Swiss teacher and pedagogue

Johannes Stuker (10 April 1819 – 1 December 1901) was a Swiss pedagogue and primary school teacher from Bowil. He served as the principal teacher in Grünenmatt for nearly five decades and became known throughout the Canton of Bern as an expert in both educational and agricultural matters.

== Early life and education ==
Johannes Stuker was born on 10 April 1819 in Bowil, the eldest of five sons to Christian Stuker, a farmer, and Anna née Mosimann. He began his teaching career early, working at the primary school in Heimberg near Thun from 1836 to 1838. In October 1837, he obtained his teaching certificate and subsequently served as a second teacher in Lützelflüh from 1838 to 1841.

== Teaching career ==
In 1841, Stuker was appointed principal teacher in Grünenmatt, a village near Lützelflüh, where he would serve for 47 years until 1888. His pedagogical talents were recognized by Albert Bitzius (known by the pseudonym Jeremias Gotthelf), who served as pastor of Lützelflüh and school commissioner. Bitzius encouraged Stuker and developed a friendship with him that would prove influential in the young teacher's career.

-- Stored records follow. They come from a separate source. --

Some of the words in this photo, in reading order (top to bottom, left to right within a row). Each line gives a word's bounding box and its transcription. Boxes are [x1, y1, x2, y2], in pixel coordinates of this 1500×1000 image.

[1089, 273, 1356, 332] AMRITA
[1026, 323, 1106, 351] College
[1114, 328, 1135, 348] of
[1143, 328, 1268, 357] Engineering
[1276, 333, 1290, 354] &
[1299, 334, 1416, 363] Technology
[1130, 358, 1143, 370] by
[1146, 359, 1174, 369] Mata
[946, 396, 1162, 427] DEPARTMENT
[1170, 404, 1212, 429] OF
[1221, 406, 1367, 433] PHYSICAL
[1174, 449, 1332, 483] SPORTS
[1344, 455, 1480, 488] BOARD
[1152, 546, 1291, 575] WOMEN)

Stuker maintained contact with educational reformer Philipp Emanuel von Fellenberg, visiting his training establishments at Hofwil multiple times and exchanging ideas on agricultural and educational topics. With Bitzius's support, Stuker attended a professional development course in 1844 at the teacher training college in Kreuzlingen, which was directed by Johann Jakob Wehrli. Following this experience, he maintained regular correspondence with Wehrli.

== Personal life ==
In 1845, Johannes Stuker married Verena Iseli, daughter of Jakob Iseli, a prosperous farmer and assessor from Pfaffenboden, near Grünenmatt. The couple had one son, Robert Stuker, born in 1863, who would later become a tutor to princes of the royal family at the court of Greece.

== Broader contributions ==
Beyond his classroom duties, Stuker became recognized as an expert in agricultural questions and was admitted to the Economic Society of Bern in 1847. He organized lectures on continuing education for teachers in the region and served as choir director and theater director in Grünenmatt. At the request of the Department of the Interior, he conducted courses throughout the canton in 1879 on possible improvements in agriculture and horticulture.

Stuker was appointed to the cantonal school synod in 1880. In 1887, he published Selbstverfasste Gespräche und ausgewählte Gedichte zu dramatisch-deklamatorischen Aufführungen für Schule und Haus (Self-composed Conversations and Selected Poems for Dramatic-Declamatory Performances for School and Home), a collection of conversations and poems for theatrical performances in schools and homes.

== Death ==
Johannes Stuker died on 1 December 1901 in Langnau im Emmental at the age of 82.

== Bibliography ==

- Stuker, Johannes: "Versuch zur Beantwortung der Preisfrage: 'Welchen Einfluss übt die wachsende Armennoth auf das Volksschulwesen, und welche Bestimmpunkte ergeben sich daraus für die Wirksamkeit des Lehrers'" (final part), in: Volksschulblatt, 2, 1855/31, pp. 243–246.
- Stuker, Johannes: Selbstverfasste Gespräche und ausgewählte Gedichte zu dramatisch-deklamatorischen Aufführungen für Schule und Haus, 1887.